Input for this task:

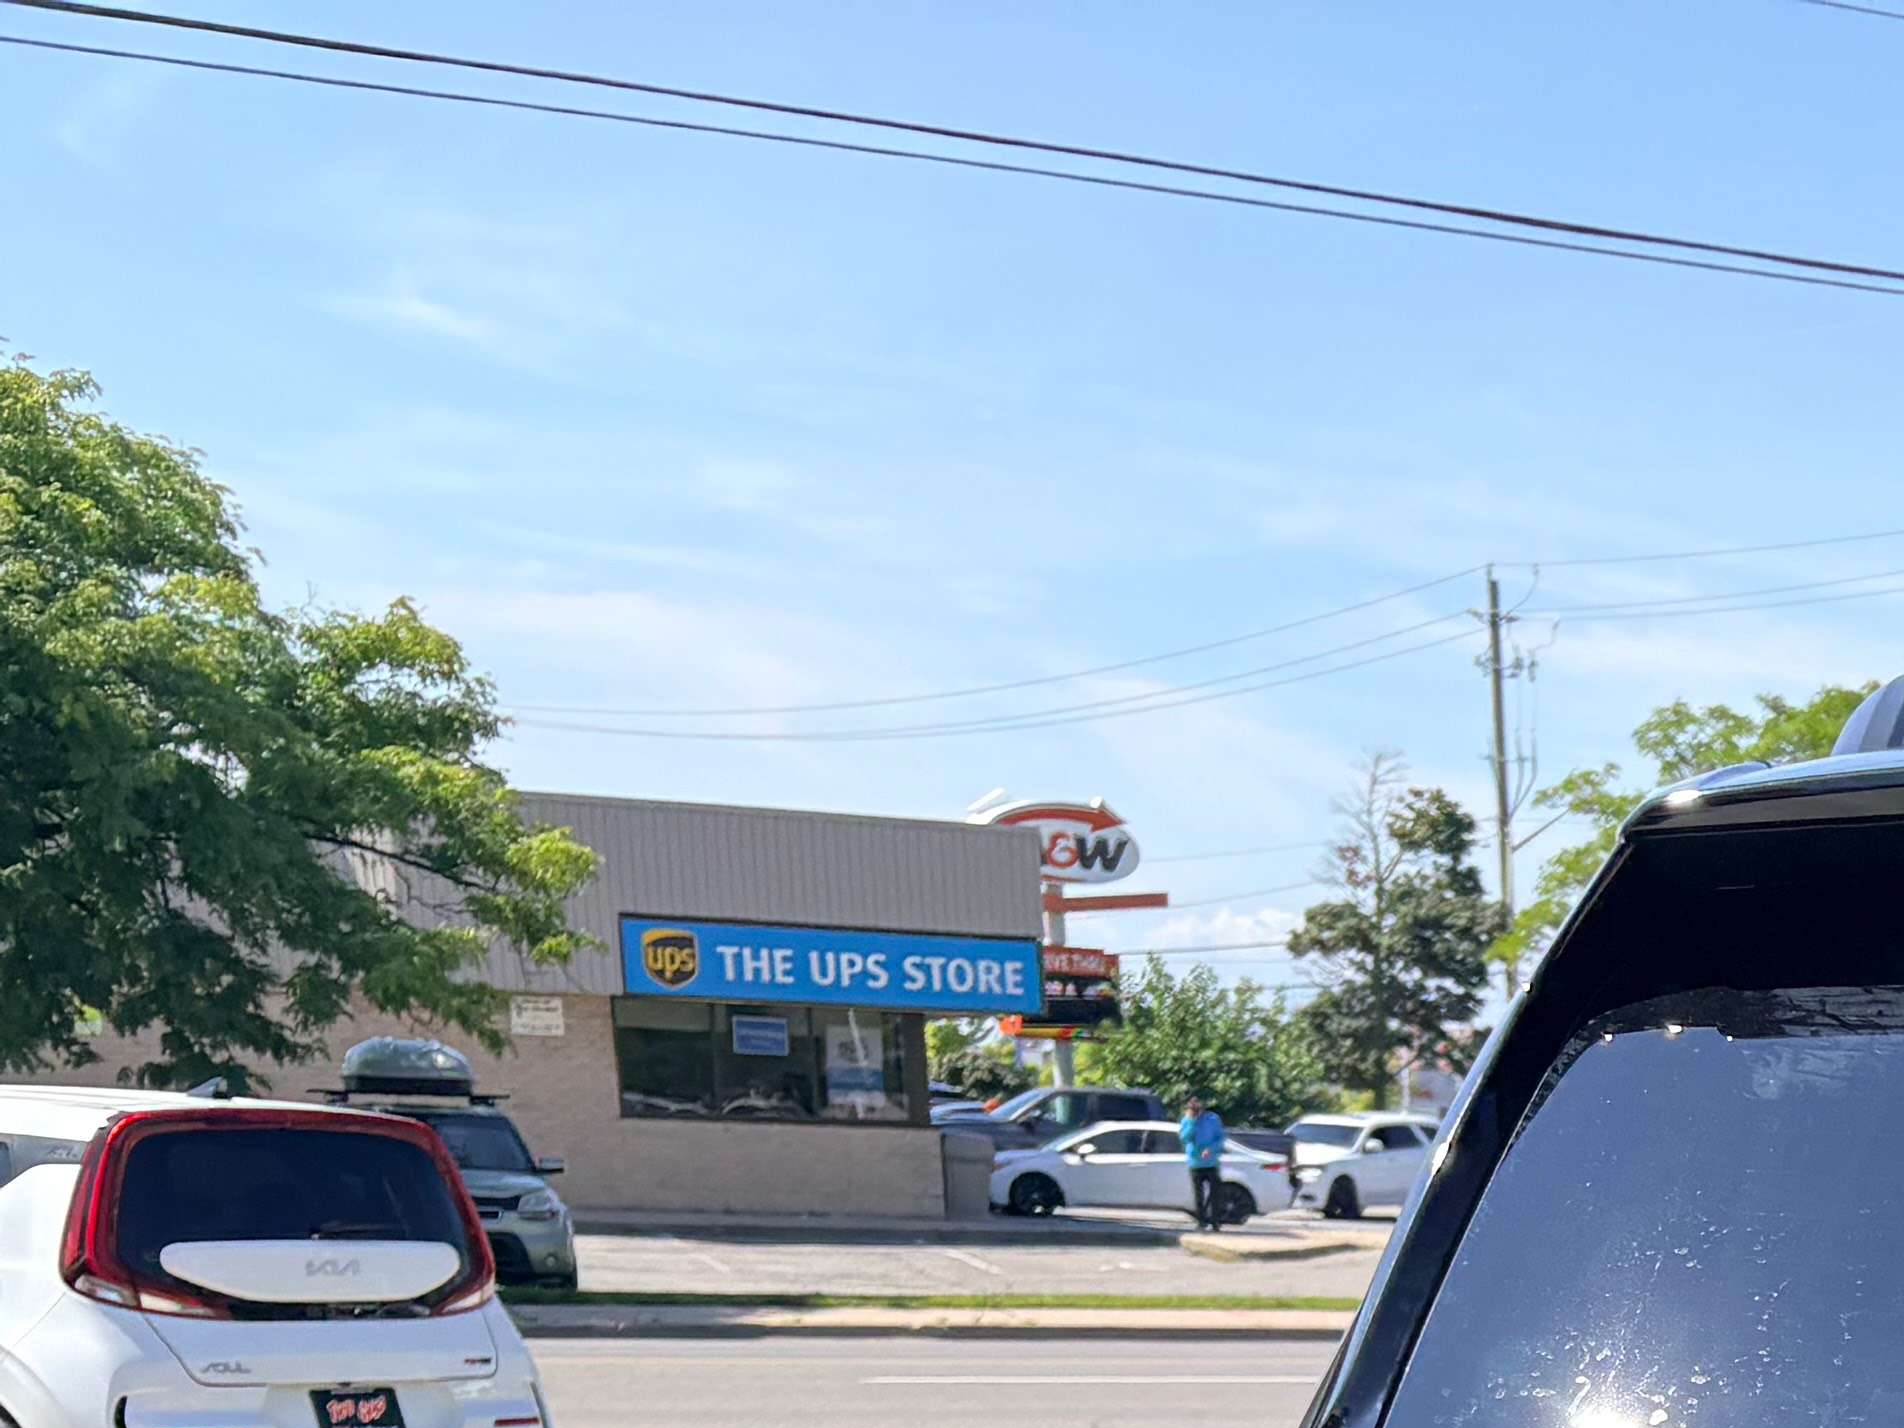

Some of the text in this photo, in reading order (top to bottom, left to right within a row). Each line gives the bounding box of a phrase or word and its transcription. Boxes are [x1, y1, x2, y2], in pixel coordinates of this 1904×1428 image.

[1041, 831, 1130, 873] &W
[648, 947, 696, 981] ups
[717, 946, 795, 985] THE
[809, 952, 889, 989] UPS
[903, 956, 1024, 995] STORE

How to complete this task: The reply should reproduce every entry above word for word and contain no pictures.

Answer space:
Some of the text in this photo, in reading order (top to bottom, left to right within a row). Each line gives the bounding box of a phrase or word and its transcription. Boxes are [x1, y1, x2, y2], in pixel coordinates of this 1904×1428 image.

[1041, 831, 1130, 873] &W
[648, 947, 696, 981] ups
[717, 946, 795, 985] THE
[809, 952, 889, 989] UPS
[903, 956, 1024, 995] STORE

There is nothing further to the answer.